A familiar flat mountaintop temple awaited him for the hundredth time, and he tried to remember his team members’ names.
Maybe this time it’ll be different .
He wasn’t sure what the voice in his head intended to say, all he knew was that he hoped so.
“Five minutes to insertion…”
Carter got ready to face it all again.
THE SHRINE
David W. Amendola
“All right, Schultz, stop here.”
The Mark III ground to a halt on the hill crest, engine growling in idle. Dust powdered the tank’s steel armor, subduing its dark gray paint and the black-and-white German cross on the side. The turret bore the white number 525. On the front hull was a yellow Y with two ticks — the emblem of the 9 thPanzer Division.
Stretching to the horizon was bleak, empty steppe, tall grass rippling in the moaning breeze like an endless, brown ocean. The relentless afternoon sun blazed orange in a cloudless sky. About three hundred meters away, stark and alone at the bottom of a flat, shallow valley, stood a little church of white stone, its black onion dome topped by the three-barred cross of the Russian Orthodox Church.
Sergeant Langer, the tank commander, stood in the cupola and pushed up his dirty goggles. He wiped his tanned, sweaty face and scanned the church with binoculars.
“Looks deserted,” he said into the throat microphone of the intercom.
The voice of Private Schultz, the driver, came over his headphones. “So what do we do?”
“Secure the area and wait, those are the orders. A special detachment is supposed to rendezvous with us.”
“I hope so, Herr Sergeant,” said Private Koch, the radioman, who sat below in the front hull next to the driver. “We’re way out of radio range now.”
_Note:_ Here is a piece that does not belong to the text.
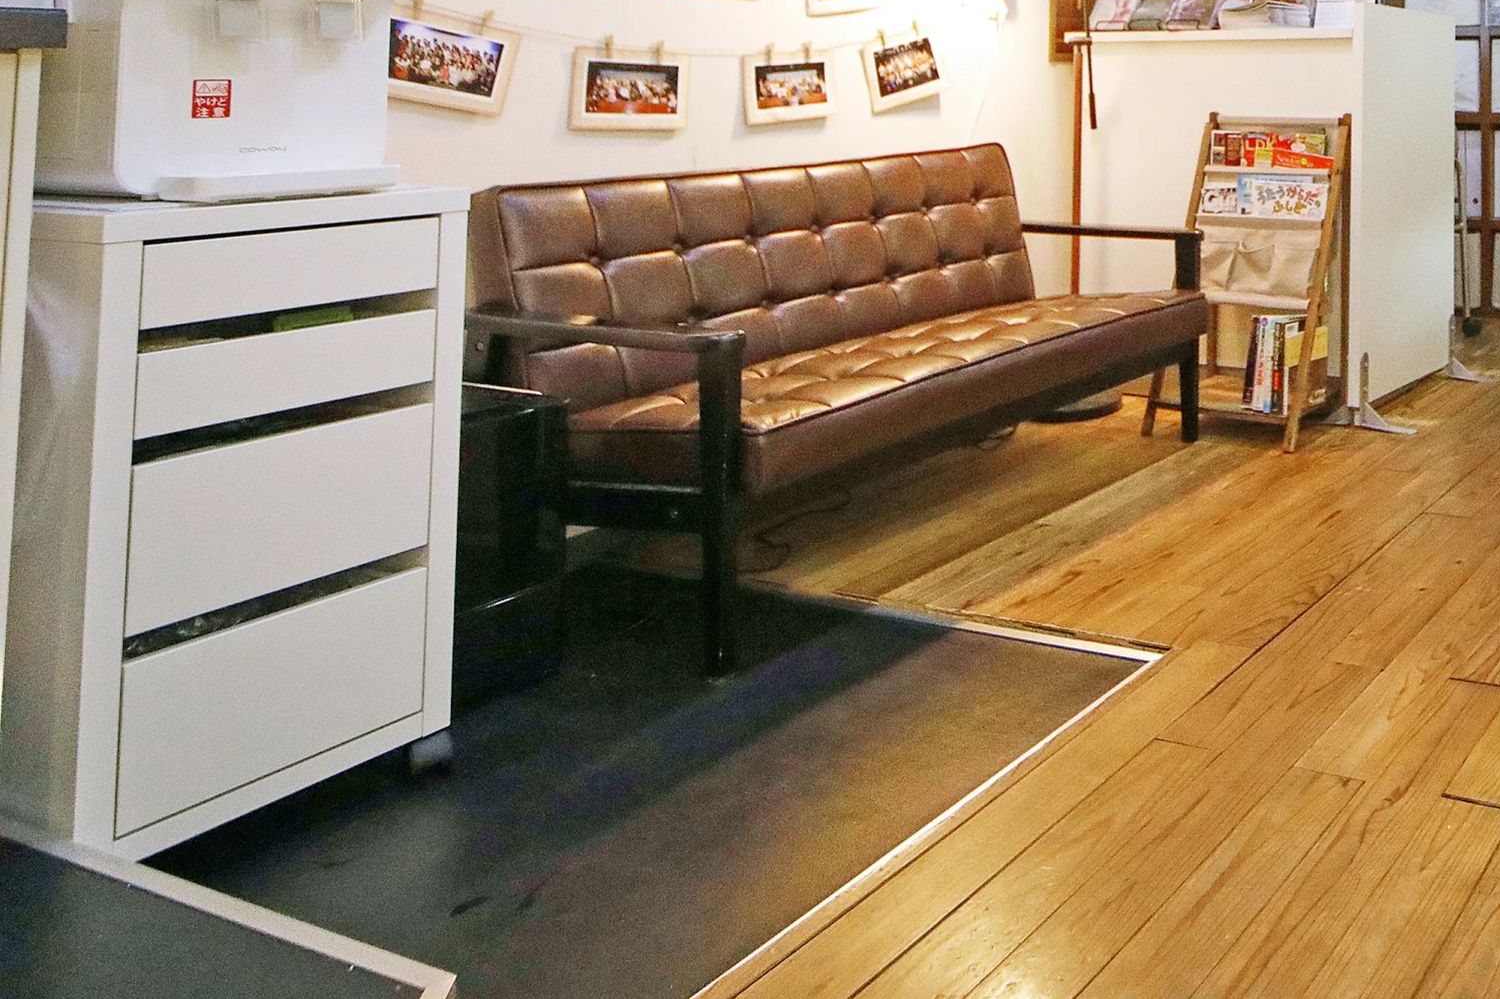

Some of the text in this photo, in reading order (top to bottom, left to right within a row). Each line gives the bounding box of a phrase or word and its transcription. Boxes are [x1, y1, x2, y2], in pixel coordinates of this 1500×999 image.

[194, 96, 228, 107] やけど
[195, 107, 226, 118] 注意
“They needed someone here in a hurry and we were the only ones available,” said Langer. “Everyone else is pushing to link up with Guderian and cut off Kiev.”
“Lucky us,” said Private Hoppe, the loader, raising his voice so he could be heard above the engine noise. The tank was open for ventilation and he sat halfway out of the left turret hatch. “If Ivan decides to show up we’ll have problems.” Ivan was slang for the Russians.